Often we discover our feelings of fear, resistance, anger or resentment are built on irrational reasoning, knee jerk reaction, old habitual thinking, faulty logic, absolute yes/no thinking, jumped-to conclusions, worst-case scenarios…. or that we have skipped the next right step and are attempting too huge a leap all at one time.
Disable the Block
In other words, calmly and in a detached way enable yourself to get a grip on your mind! Through this process of noticing and naming and understanding, the block will begin to lose power. As the block yields, creativity flows again.
It’s totally okay to admit that you are scared by some aspect of what you want to create, or by the consequences of creating. It’s okay to admit that your artist self feels threatened or slighted or jealous or resentful or whatever. Your inner creative self often acts like a child and may even have thoughts we are not too proud of or that seem childish — regardless of what our rational mind tells us.
It’s up to you to acknowledge the negative feelings, the anger or fear, and convince yourself that, even though your inner artist feels that way for now, it’s actually okay to go ahead and take the next step and create anyway. Once we bring these thoughts out of our heads and onto paper and into the light, their power is diminished. What a relief!

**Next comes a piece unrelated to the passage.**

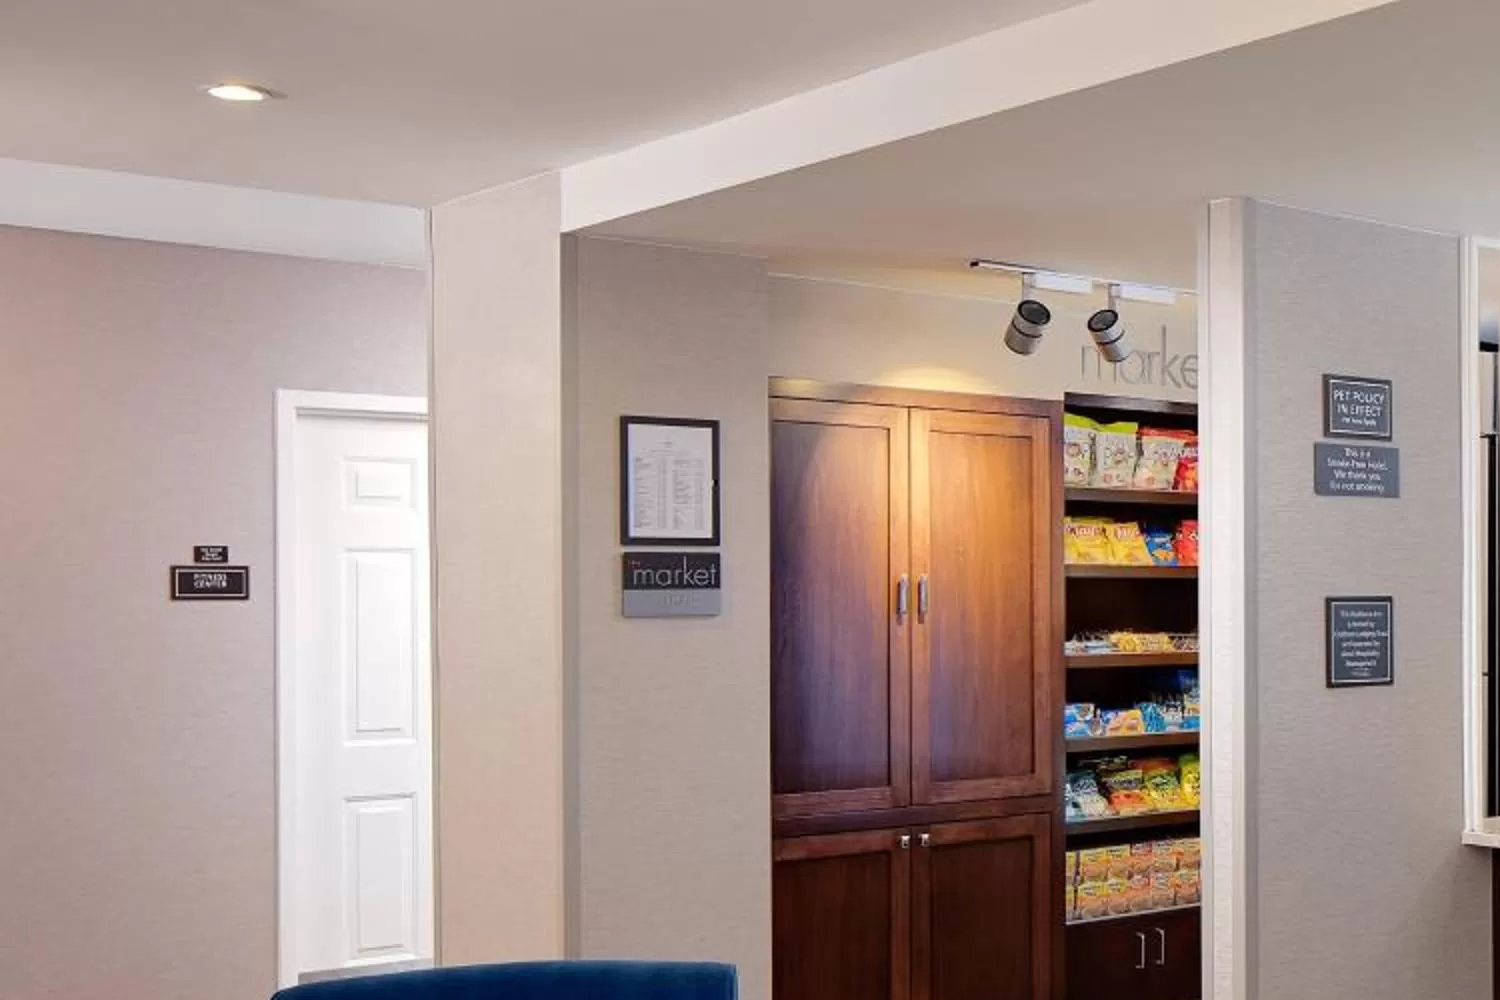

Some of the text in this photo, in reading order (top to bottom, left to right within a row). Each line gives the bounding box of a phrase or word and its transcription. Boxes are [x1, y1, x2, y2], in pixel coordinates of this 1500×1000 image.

[1333, 389, 1384, 404] PET POLICY
[1336, 403, 1382, 417] IN EFFECT
[633, 555, 718, 587] market

The True Cost of Creative Blocking
You already know the cost of holding onto this blockage – being stuck and not creating. Consider the true cost of not creating and all the pain that goes along with that. Remember your enthusiasm for this work, this project, this next step, even the smallest of next steps. Remember the joy in creating!
Seal the Deal with a Contract
Once you have listed and acknowledged your feelings and payoffs and have begun to loosen their hold over your creativity, Cameron recommends you make a formal deal with your inner artist, in writing:
“Okay, Creative Force, you take care of the quality, I’ll take care of the quantity.”
Execute a written contract as tangible proof of this deal, or devise a drawing or whatever “official” format you will respect. Sign it, date it, and display it where you will see it every day.
Now you are free to concentrate on the quantity and only the quantity. (For blocked perfectionists, in particular, this is an especially powerful concept.)
You can now consider that block “Busted!” — Buhbye, Block!